ライトノベルの感想を中心に興味のあることを日々つらつらと書き連ねるブログです。



「鬼畜の僕はウサギ先輩に勝てない」三咲悠司(HJ文庫)

郷土史研究部とは名ばかりでウサギ先輩(本名:稲葉白兎)の女子高生らしからぬ趣味を実践するだけの部活動に強引に入部させられたキタロー(本名:鈴木太郎)。
今回誘われたのも隠れキリシタンの郷として村興しを始めた村の取材という胡散臭いことこの上ない物だった。
合宿旅行と聞けば、たまらなく魅力的な話なのだが、どうせロクなことにならない……。と、思いつつも先輩の笑顔と行動力には逆らえないキタローであった。
不思議な事件に巻き込まれがちなウサギと鬼の怪異譚、始まります。


高校の郷土史研究部が真面目にフィールドワークしてるのと、これだけオカルト要素が薄くて(完全になしではない)民俗学を取り扱うのは珍しい。
……すみません。
他に良いところは見つけられませんでした。
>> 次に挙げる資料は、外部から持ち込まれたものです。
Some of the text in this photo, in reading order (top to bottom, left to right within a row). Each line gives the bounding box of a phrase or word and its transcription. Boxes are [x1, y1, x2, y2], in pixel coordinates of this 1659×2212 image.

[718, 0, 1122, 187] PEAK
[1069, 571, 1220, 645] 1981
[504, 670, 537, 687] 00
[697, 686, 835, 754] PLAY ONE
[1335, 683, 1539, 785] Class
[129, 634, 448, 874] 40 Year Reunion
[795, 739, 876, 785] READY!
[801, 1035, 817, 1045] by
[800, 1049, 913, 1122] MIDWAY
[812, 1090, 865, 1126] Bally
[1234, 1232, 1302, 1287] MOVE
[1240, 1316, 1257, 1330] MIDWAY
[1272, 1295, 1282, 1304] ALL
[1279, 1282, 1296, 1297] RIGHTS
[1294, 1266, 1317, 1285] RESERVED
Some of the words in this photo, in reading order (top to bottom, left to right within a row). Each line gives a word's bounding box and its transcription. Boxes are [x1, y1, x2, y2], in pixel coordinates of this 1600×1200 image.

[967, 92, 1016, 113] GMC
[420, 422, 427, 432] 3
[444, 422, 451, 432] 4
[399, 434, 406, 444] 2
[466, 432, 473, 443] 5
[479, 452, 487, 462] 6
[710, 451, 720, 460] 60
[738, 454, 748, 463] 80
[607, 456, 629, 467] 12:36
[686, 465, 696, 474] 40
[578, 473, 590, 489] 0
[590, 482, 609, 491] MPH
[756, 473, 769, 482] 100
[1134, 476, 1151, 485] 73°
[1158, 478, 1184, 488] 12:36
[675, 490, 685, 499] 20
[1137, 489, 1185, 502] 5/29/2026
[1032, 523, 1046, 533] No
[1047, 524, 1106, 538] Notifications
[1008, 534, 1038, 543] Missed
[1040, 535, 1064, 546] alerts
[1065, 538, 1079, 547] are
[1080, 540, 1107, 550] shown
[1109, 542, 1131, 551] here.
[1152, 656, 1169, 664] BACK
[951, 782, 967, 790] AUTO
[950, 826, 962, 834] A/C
和遥キナ先生の絵もなんだかいつもより雑に感じるし。
帯やあらすじには何も書いてないけれど、新人賞の奨励賞なのか。道理で……。


以下酷評


基本的に文章が拙いのは、新人賞ということで百歩譲って目をつぶるとしても、説明するのが苦手なのか面倒くさがりなのか、読者に何かを伝える努力が足りてないように思う。
プロローグ後に前回のあらすじ風の説明が入る1巻or単発とは思えないスタートから、そのちょっと説明しただけの過去の出来事が作中で当たり前のように出てくる、自分たちだけが分かる会話。直前の説明だけで急に使い出す異能。察しが悪すぎる主人公も察しが良すぎる先輩もご都合主義としか思えず、とにかく置いてけぼり感が強い。シリーズものの3巻から読まされた感じ。
作者の脳内では話が繋がっているのだろうけど、それが読者に伝わらなければ意味がない。
そもそも普通に入学・出会いから始めればよかったのに、何故中途から始めたか。書きたいエピソードを書くのも新人賞作らしさではあるけれど、それならこのエピソードを出会いの話にすればいいわけで。
悪い意味で新人賞らしい作品だった。